Chapter 19

It was still humid out when Detective Levin returned home at the end of his workday. A set of surveillance tapes waiting for review had been left in his mailbox. Levin set them on the kitchen table, grabbed a beer from the refrigerator and began unbuttoning his shirt as he headed for the air conditioner. He turned it on high, removed the rest of his clothes, and finished his beer before using the bathroom.

He stood under a hot shower a full five minutes, his face taking the water full force until he turned and let it massage the back of his neck. It was how he preferred to relax, a hot shower followed with a cold beer in a cool room. He looked forward to sitting on his couch with his feet up.

He wrapped a towel around his waist when he was finished in the bathroom, then went to the kitchen for a second beer and frowned when he saw the tapes.

“Shit,” he said.

Levin grabbed another beer and brought the tapes into the living room. He smirked at the dates on the labels.

“A month old,” he said. “Lotta good these’ll do.”

He set up the recorder on the cocktail table, popped one of the tapes in, picked up his beer and a notepad and sat on the couch. He set his feet up on the edge of the cocktail table, leaned forward, pressed PLAY, and sat back again.
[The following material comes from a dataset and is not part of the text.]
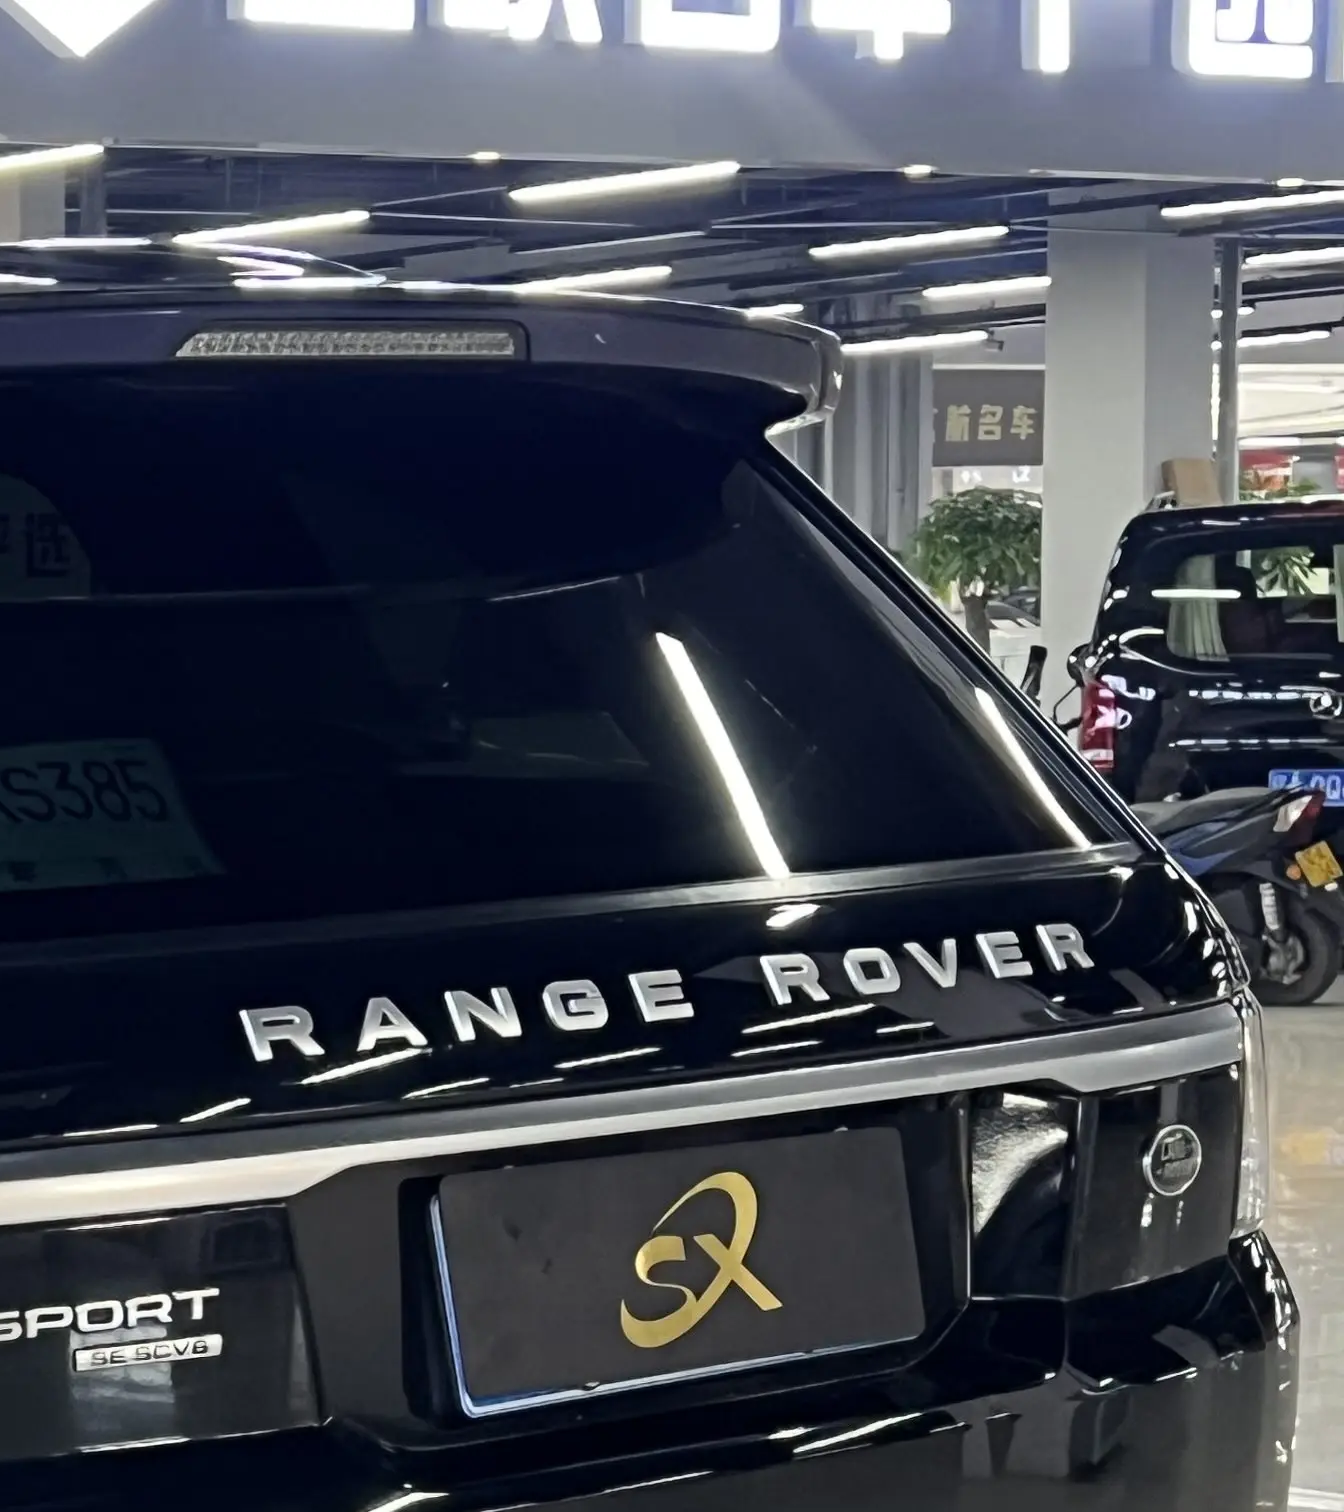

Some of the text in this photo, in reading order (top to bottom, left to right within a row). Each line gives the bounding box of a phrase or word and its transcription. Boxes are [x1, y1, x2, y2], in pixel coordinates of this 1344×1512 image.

[239, 921, 1096, 1064] RANGE ROVER
[90, 1349, 127, 1367] SE
An unfamiliar voice narrated the first conversation:

The following recording is from Tuesday, July third, nineteen-seventy-three, between Edward Vento and Bridget Malone, a weekend barmaid at Fast Eddie’s in Williamsburg. The following was recorded in the apartment above the aforementioned bar.

Malone: You okay?

Vento: Fine, yeah.

Malone: Want another hit?

Vento: No. Whattaya wanna kill me?

[The sound of someone inhaling.]

Vento: You’re gonna kill your brain cells you don’t take a break with that shit.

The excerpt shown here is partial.